If the caries does not extend beyond the level of the enamel dentine junction fissure sealant only may be required. If however the cavity is of a larger size a number of options exist, involving the use of composite resin, glass ionomer or both materials in combination.

The indications for the use of the four type of sealant restorations has been summarised by Paterson et al. (Table 2).30

Table 2 Table 2

It is apparent from Table 2 that there are a variety of restoratives available for use in the sealant restoration technique. The exact choice of material may often be a matter of operator preference.

The use of glass ionomer may confer advantages with regard to chemical bonding with enamel and dentine, fluoride release and possible reduction in microleakage.31,32,33

A number of recently introduced materials such as the 'packable' composites (Prodigy, Kerr; Solitaire 2, Heraeus Kulzer; Filtek P60, 3M) are available which may offer easier handling than conventional composites. The authors have also found the use of coated 'non-stick' composite instruments useful for posterior composite placement and adaptation (Fig. 6).
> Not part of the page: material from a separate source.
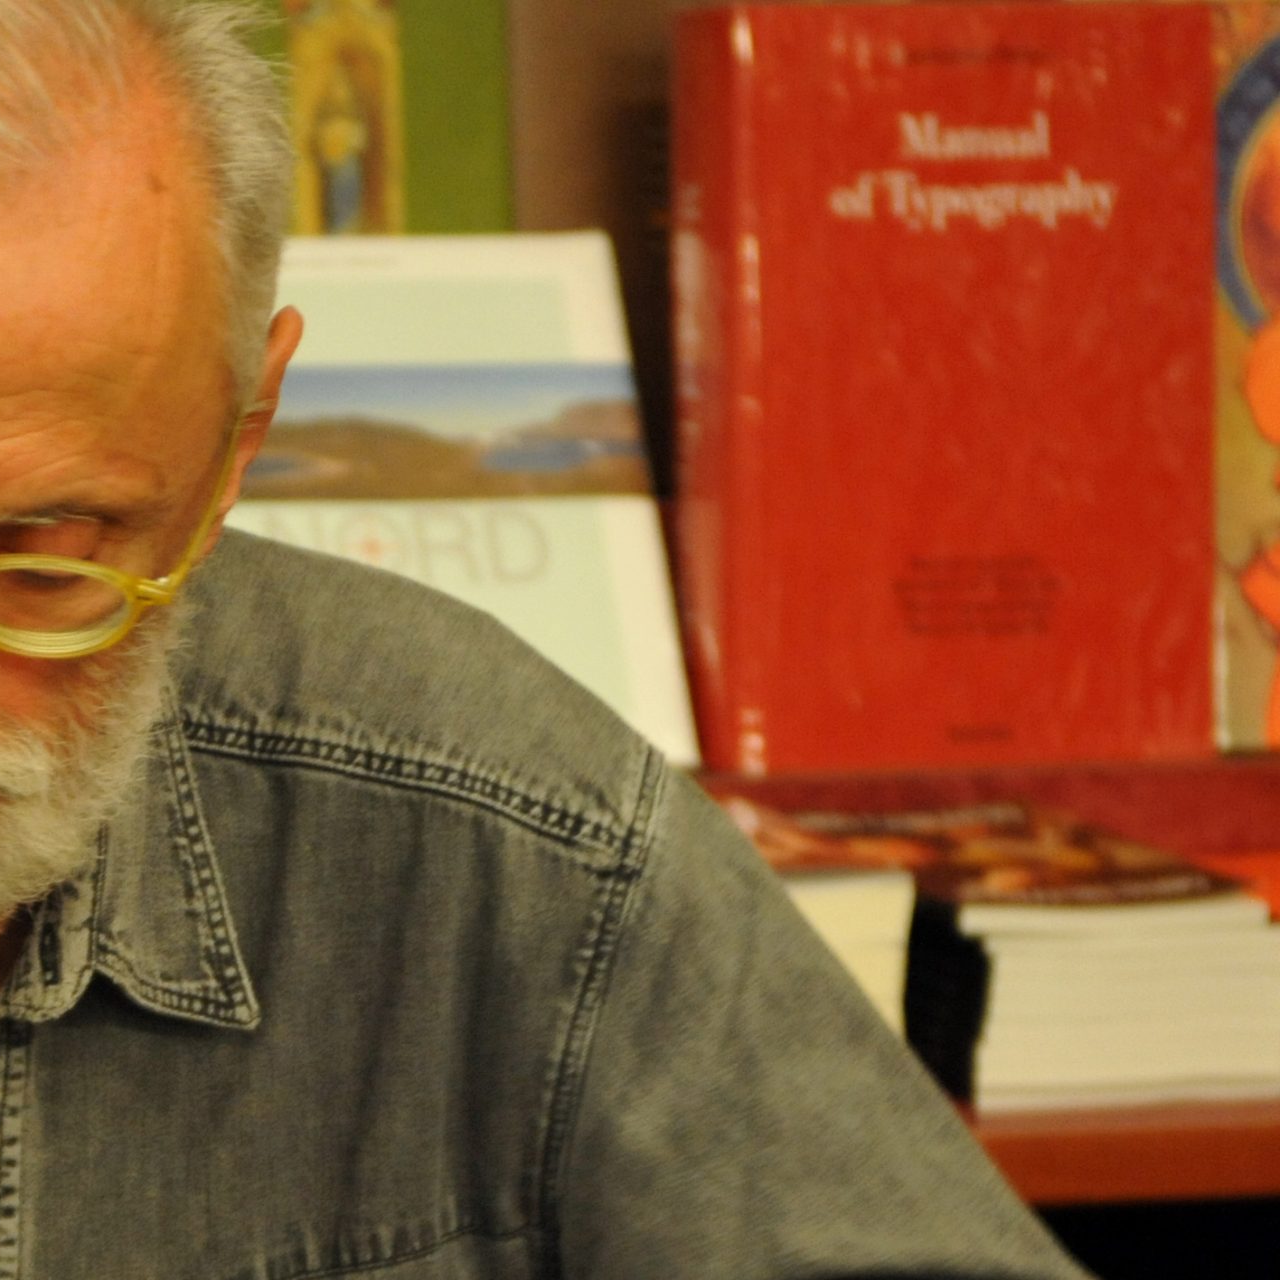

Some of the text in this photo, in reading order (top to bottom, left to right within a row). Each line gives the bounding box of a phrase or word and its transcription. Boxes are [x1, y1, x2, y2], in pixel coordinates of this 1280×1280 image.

[898, 113, 1050, 160] Manual
[828, 165, 1115, 230] of Typography
These instruments (Ash) are available with a range of tips which facilitate more easy access and packing (Fig. 7).

Figure 6
figure 6

'Non stick' composite instruments

Figure 7
figure 7

Adaptation of composite in a large posterior cavity

More recently introduced 'flowable composites' (Revolution, Kerr) may also prove to be beneficial in restoring cavities in which there is restricted access.34 However physical properties are inferior to conventional composites and they would appear inappropriate for larger posterior cavities or where there are heavy occlusal contacts.

With minimally invasive techniques such as air abrasion and chemomechanical caries removal35,36,37 materials such as the flowable composites may allow easier restoration placement where access is restricted.

Conclusions

Whilst the success of larger posterior composites appears to be inferior to amalgam38 success rates for sealant restorations are comparable to those of amalgam restorations but with the advantage that they are less invasive and hence sound tooth tissue is not removed.
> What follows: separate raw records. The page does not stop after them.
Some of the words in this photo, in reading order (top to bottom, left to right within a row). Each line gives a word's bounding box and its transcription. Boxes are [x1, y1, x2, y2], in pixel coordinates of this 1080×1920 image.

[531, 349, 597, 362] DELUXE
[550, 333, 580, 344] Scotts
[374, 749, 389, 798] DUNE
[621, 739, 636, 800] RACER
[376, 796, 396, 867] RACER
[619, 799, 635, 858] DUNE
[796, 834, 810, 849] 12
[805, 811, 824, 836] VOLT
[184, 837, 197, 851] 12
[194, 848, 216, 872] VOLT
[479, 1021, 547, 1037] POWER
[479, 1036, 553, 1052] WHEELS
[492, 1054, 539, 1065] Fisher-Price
Dentist concerns regarding the reported success of sealant restorations appear to be largely unsupported by longevity studies. Possible fears over incomplete caries removal also appear to be unwarranted, with caries appearing not to progress beneath intact sealants. Potential problems regarding the marginal shrinkage of composites and recurrent caries may be addressed by using glass ionomer in the technique. The cost-effectiveness of the procedure may be influenced by the re-introduction of a fee-for-service element into the capitation payment system for children's dentistry.
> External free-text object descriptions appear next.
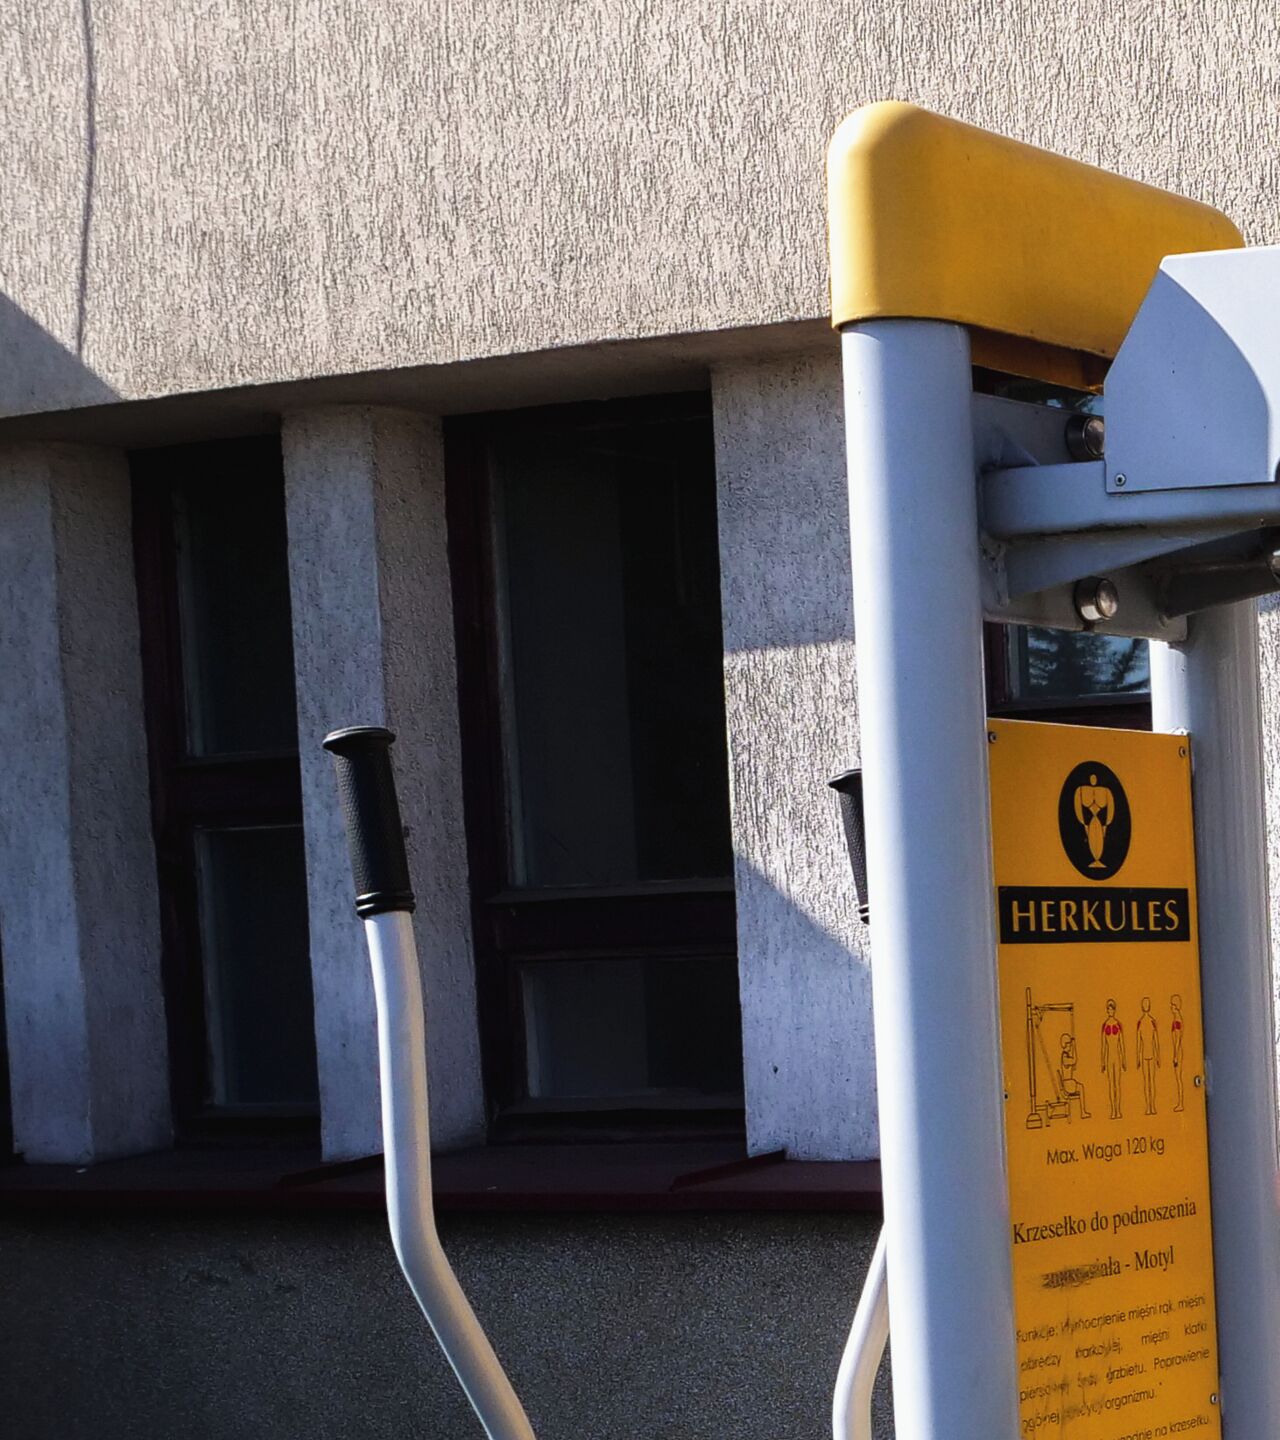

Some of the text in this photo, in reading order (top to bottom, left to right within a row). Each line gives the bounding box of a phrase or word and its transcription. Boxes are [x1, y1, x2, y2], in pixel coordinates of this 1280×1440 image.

[1012, 900, 1179, 932] HERKULES
[1047, 1137, 1165, 1165] Max. Waga 120 kg
[1013, 1197, 1196, 1244] Krzesełko do podnoszenia
[1134, 1245, 1174, 1272] Motyl
[1128, 1304, 1157, 1320] mięśni
[1141, 1328, 1169, 1345] mięśni
[1184, 1321, 1207, 1336] klatki
[1153, 1349, 1210, 1371] Poprawienie
[1155, 1425, 1167, 1438] na
The use of the sealant restoration should be encouraged because it represents a tooth preserving procedure, producing a more durable restoration with the added benefit of protecting the remaining fissure pattern from carious attack. It may have the potential to improve the prognosis of a tooth in 'the repeat restoration cycle'.39 It is apparent however that the dentist has a duty of care to ensure that the sealant restoration is regularly reviewed and maintained to ensure continued success.